You released System Killer last year, that’s your biggest record to date. How did it feel putting out something that got so big?

It was good man, it was sick. The process to making it was good as well. I got to go through a lot of stuff, show wise, music wise. I was doing a lot of shows at the time; the tour with Skep, my own solo tour in the summer last year, so I had a lot of stuff to speak about and put into music so that was cool. My music is always better when I’ve got stuff to talk about that I’ve gone through, rather than just writing bars, which I can do because I come from a radio era where I used to write bars just for the sake of writing bars, never used to mean nothing. I can do that but I prefer to write stuff that means something that I’ve gone through and experienced. That was a good attribute of why System Killer sounded like it did. Some of it I recorded when I was in Jamaica, some of it in Sweden, some of it I was just in the ends obviously, Amsterdam as well. I was just about taking in a lot of different vibes.
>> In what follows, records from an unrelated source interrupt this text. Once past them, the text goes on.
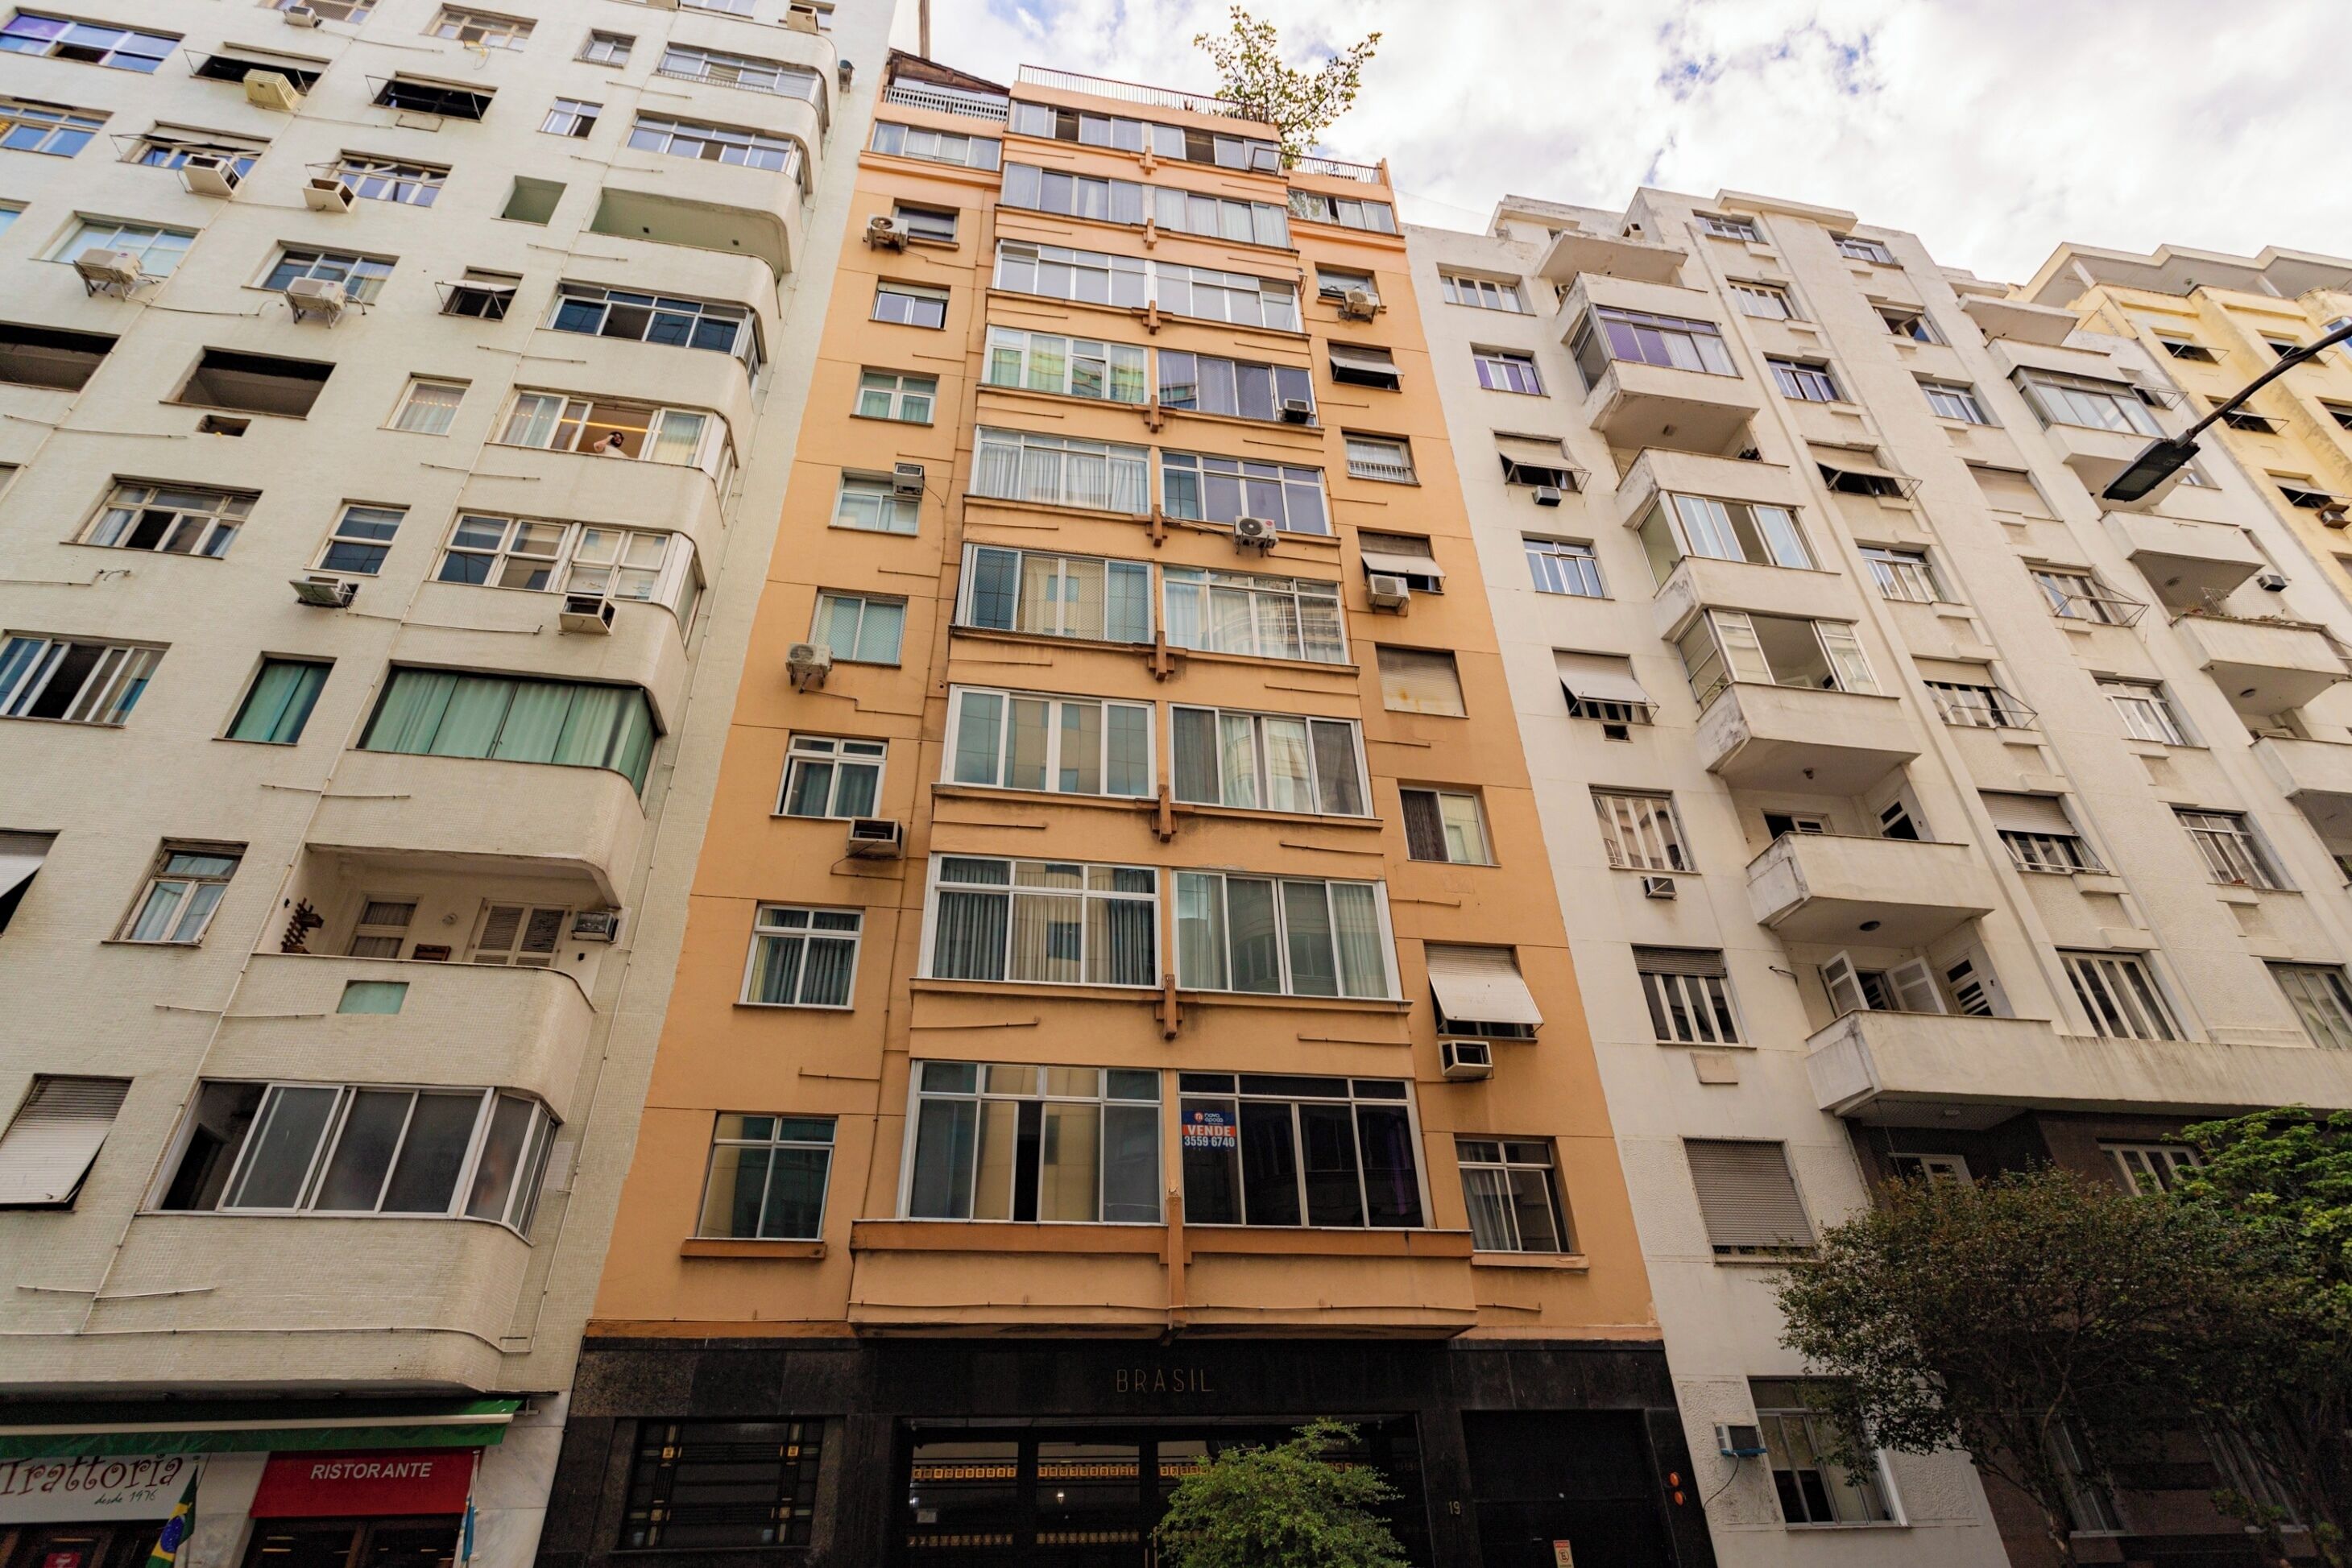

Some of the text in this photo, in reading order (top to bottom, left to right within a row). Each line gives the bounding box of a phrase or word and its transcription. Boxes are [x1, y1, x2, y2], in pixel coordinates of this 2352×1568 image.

[1187, 1125, 1231, 1136] VENDE
[1116, 1369, 1213, 1392] BRASIL
[0, 1454, 183, 1496] Trattoria
[310, 1463, 433, 1479] RISTORANTE
[94, 1488, 159, 1505] desde 1976
[1449, 1501, 1460, 1514] 19
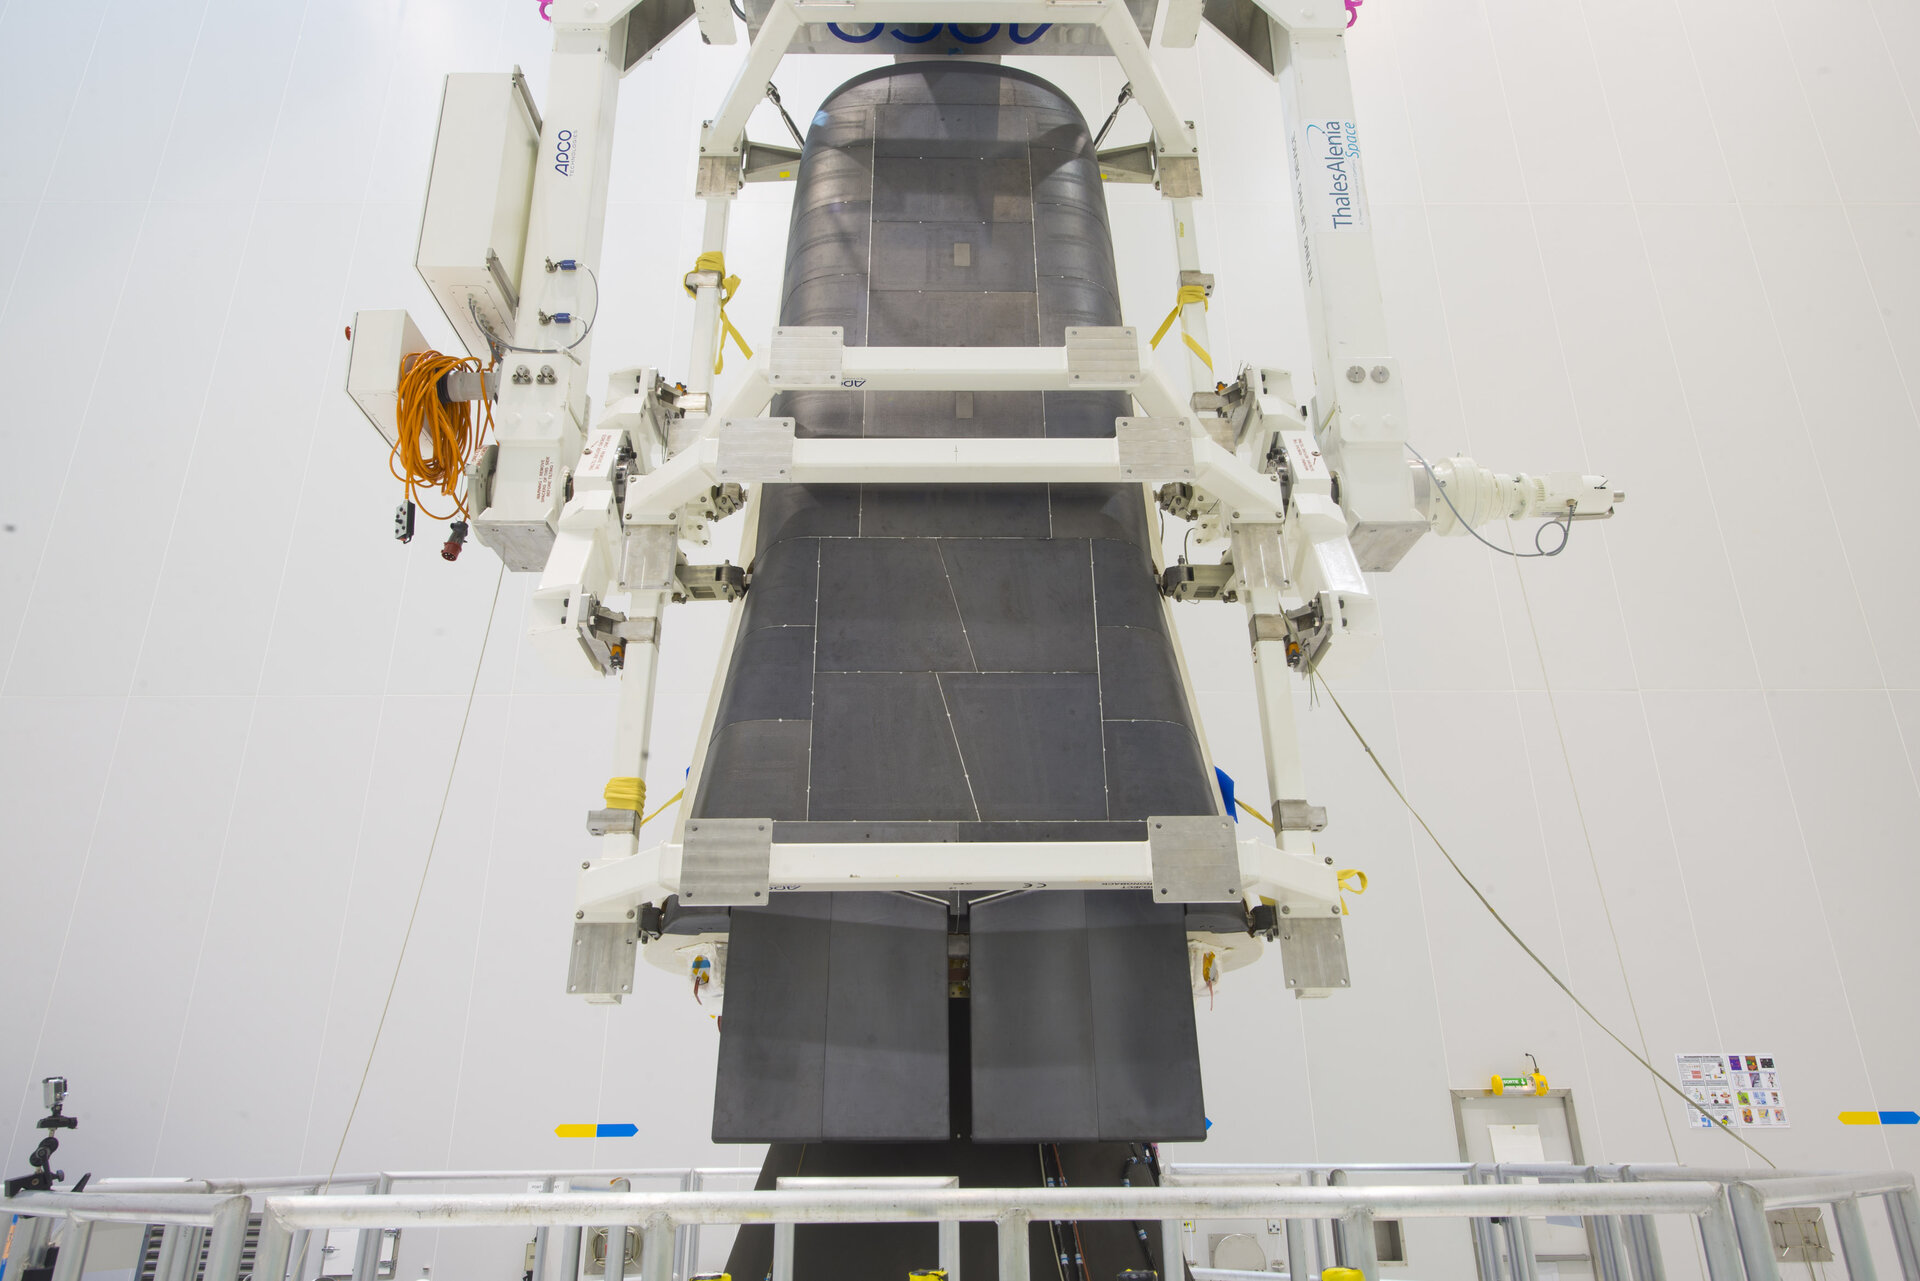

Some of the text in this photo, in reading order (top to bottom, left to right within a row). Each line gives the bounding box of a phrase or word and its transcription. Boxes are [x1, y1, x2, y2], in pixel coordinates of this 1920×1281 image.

[SXSW Interview] Frisco, Where You Been? Out Here, For About 15 Years

How do you think about who you want to work with for production and features, and so on?

At this point now, I just holla at producers because I have a relationship with most of them. If it’s someone I don’t have a relationship with, I will either get Sam to reach out or make the link happen. It’s just straight forward man, ‘what’s going on, do you want to work?’ and that’s it really.

Are there any go-to producers in particular?

Skep. Not just saying that, it’s not a biased ting. Rapid, Rude Kid. Swindle made like four tunes on my album and our music relationship is fairly new because before System Killer we’d done a few little things here and there but we hadn’t really worked together like that, so I’ve got a good chemistry with him in the studio, and our music’s always made on the spot. I don’t mind producers sending me beats and writing to the beats, but every tune I’ve made with him, Them Man There, 123, What’s Man Saying, My Ting. He’s done four tunes and all of those tunes we made from scratch, we made the beat there together and wrote the bars. Not every producer I can do that with, some producers are just better at making the beat and sending it to me.

Do you prefer working on a song from scratch?

It depends really. Sometimes I’ve got an idea for a song so in that case you can just send me shit, but sometimes I want to do it from scratch and build a vibe.

The Den event has done so well, I went to one last summer but I see the line-ups every month, and it’s grown to a new venue now. Did you expect it to take-off so quickly?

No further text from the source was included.